These are just words...

Wednesday, June 08, 2005

Remembering what will be...

Transitional periods are really sorta scarry 'ya know. The time that comes before the doing, where coming and going hasn't happened and what will happen is up in the air. I don't avoid transition, it's the natural progression and all, I just don't go rushing into it with open arms. I'm leary of the new as much as I'm excited by the endless possibilites it presents. I handle it akwardly enough, seeking to prolong the period of transition when the prolonging is itself what I'm really trying to avoid. For instance, I got my new phone today, it's fantastic. I love the newness, the fact that it actually works and all the learning that I've go to do in order to operate it. Yet part of me knows I'll miss the old one, regardless of how much crap I've suffered through with it. It took a bit before I switched out the chips and powered the new phone on. Even now, the old one sits on the table, ready to (not) work. I pass by it with a mixture of relief and sorrow. I wanted this new one and I am ready to move on, but the whole transition sorta makes me uncomfortable. It's an ending within a new begining. A goodbye disguised as a hello. A loss that results in a greater fullfillment. I know all this and yet I still have an ingrained aversion to it. And this is only a cell phone. Imagine me after a break-up or a death. I just don't like endings. I prefer for things to run parallell to one another, not begining to end with each other. But that's how life is, a giant trade off. Adulthood in place of childhood, marriage in place of dating, father in place of son. I'm always content afterwards, when the transition has run its course. That period though, man it's tough.

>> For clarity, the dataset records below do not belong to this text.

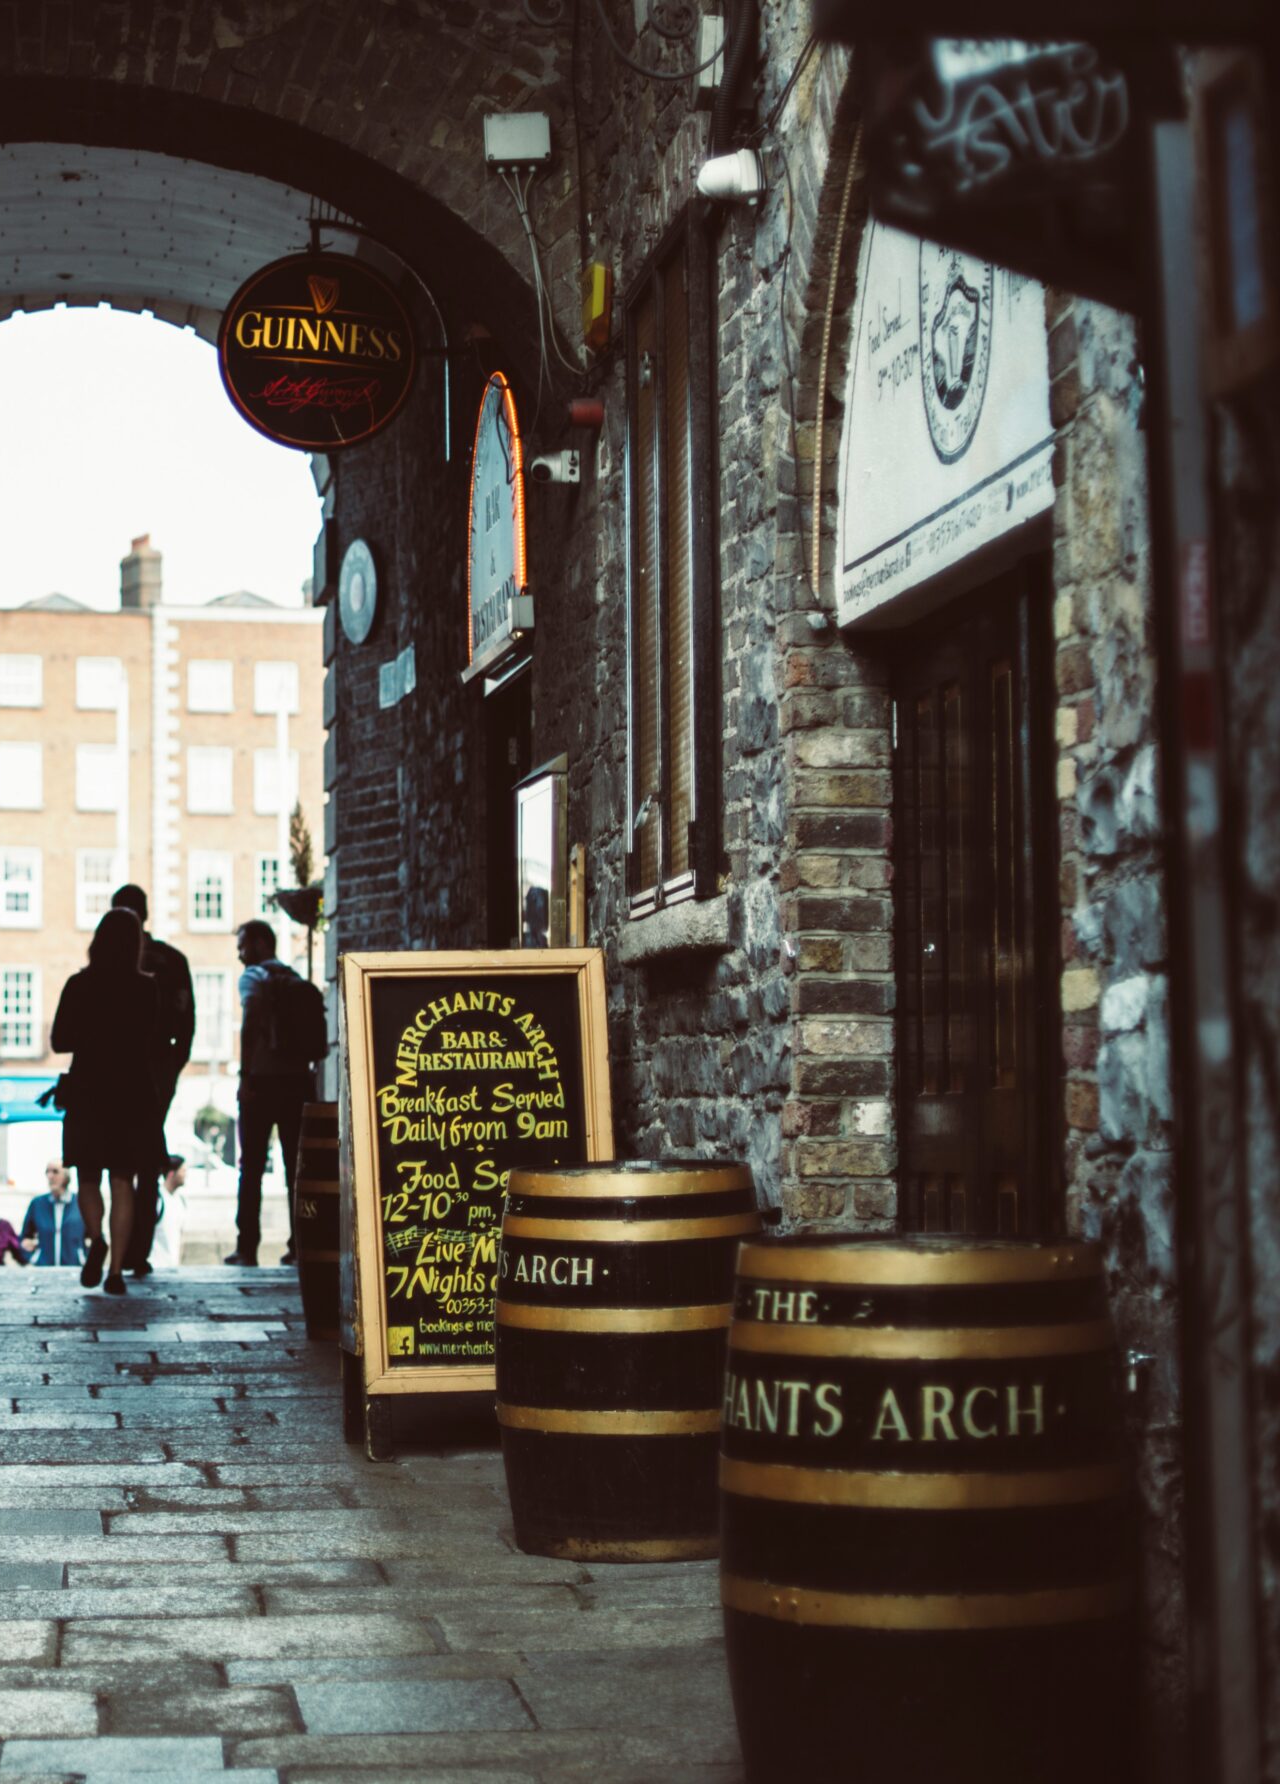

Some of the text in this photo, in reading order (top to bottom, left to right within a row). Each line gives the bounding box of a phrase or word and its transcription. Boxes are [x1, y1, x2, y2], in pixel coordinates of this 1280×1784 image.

[235, 311, 402, 362] GUINNESS
[396, 991, 560, 1088] MERCHANTS ARCH
[419, 1050, 537, 1072] RESTAURANT
[377, 1083, 565, 1118] Breakfast Served
[382, 1112, 569, 1151] Daily from 9am
[397, 1160, 460, 1193] Food
[416, 1232, 466, 1266] Live
[385, 1266, 409, 1298] 7
[406, 1265, 486, 1303] Nights
[514, 1255, 594, 1285] ARCH
[755, 1289, 819, 1323] THE
[872, 1384, 1045, 1441] ARCH

Two of my good friends find themselves in that transitioning position right now and I'm just really gratefull that I am not there myself. I'll be the rooted stable one for now. One of them is nearing the end of a rental term, after which the house he lives in is being sold. At the same time that he's being evicted he is ending his last month of state-mandated relocation prohibitation (probation in laymans terms...). He's got friends living out of state he'd love to visit and it just seems to be too much of a coincindence that everything works togther time-wise like this. He's looking to move (somewhere) in a month, and his life has become one big ball of transition. Paperwork, deadlines, jobs and housing all at once. When it all sorts out it will be completely new and completely different. And he'll be glad to be there (I hope...), and glad he's settled. Now though, he's all nerves and questions and rightfully so. Good luck Uncle Z nutts, you can't quit now. I'll always rep you though.

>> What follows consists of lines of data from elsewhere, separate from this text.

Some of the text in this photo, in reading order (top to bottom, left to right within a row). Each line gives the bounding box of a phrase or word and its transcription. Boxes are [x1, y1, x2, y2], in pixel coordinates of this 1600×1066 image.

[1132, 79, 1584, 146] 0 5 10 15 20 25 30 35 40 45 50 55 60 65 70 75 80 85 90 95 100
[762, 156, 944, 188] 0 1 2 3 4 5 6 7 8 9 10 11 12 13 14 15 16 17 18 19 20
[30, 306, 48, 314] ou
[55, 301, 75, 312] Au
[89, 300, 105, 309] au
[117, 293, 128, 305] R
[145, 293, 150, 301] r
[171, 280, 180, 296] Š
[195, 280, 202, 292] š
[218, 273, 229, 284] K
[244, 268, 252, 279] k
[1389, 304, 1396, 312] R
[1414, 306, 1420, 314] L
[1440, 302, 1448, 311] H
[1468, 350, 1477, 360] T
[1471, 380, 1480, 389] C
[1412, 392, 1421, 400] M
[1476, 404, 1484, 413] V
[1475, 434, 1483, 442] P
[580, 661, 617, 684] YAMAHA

My other friend is finishing his year at school, looking to come back home for the summer. He needs to find a job, needs a place to stay, needs a bit of release from the usual answers to those problems. The old highschool job is tough to go back to year after year. But paying for tuition is an even tougher task, one that doesn't care where the funds come from. And staying with mom and dad one more summer is difficult when independence is a lifestyle and not a privilage. He is trying to bridge that gap between dependent and independent, and that is its very own can of worms. We've all either been there or will be there. It's dang tough boy, but you'll suck it up and plow through. You always do.

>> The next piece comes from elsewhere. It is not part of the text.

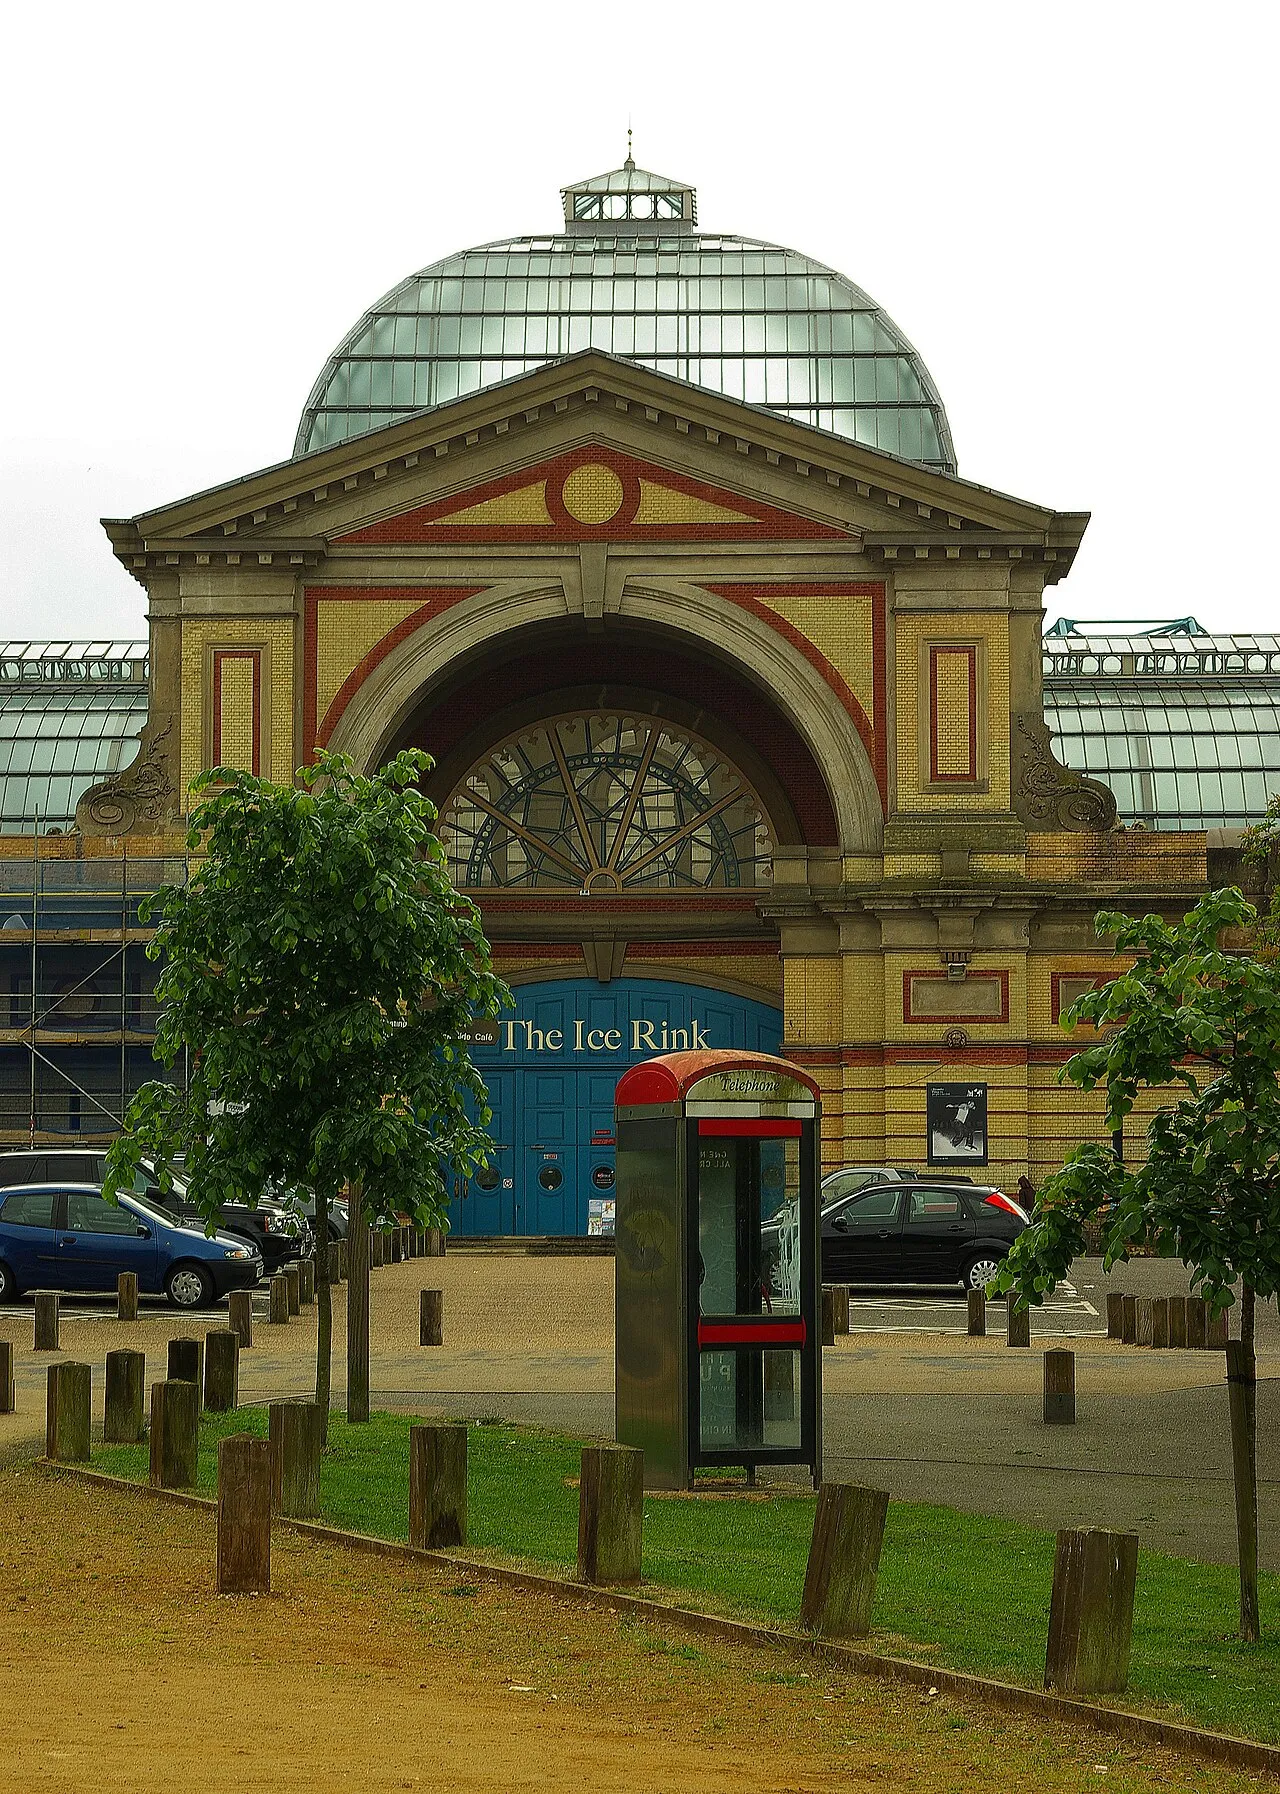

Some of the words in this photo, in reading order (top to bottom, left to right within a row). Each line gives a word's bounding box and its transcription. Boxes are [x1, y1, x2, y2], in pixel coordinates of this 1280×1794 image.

[498, 1020, 564, 1050] The
[573, 1020, 622, 1050] Ice
[630, 1019, 711, 1050] Rink
[720, 1078, 780, 1093] Telephone

So, here I am feeling out of sorts, observing the transitions in others and not in myself. I'm just as powerless in other peoples lifes as I am in my own and I'd just screw things up if I could anyway. There's no big mystery being unravelled here, no profound summation of hidden workings. I'm just worried about my friends and sitting in empathy with them. I'll be right here for them, as long as they let me, or until my next transition moves me away...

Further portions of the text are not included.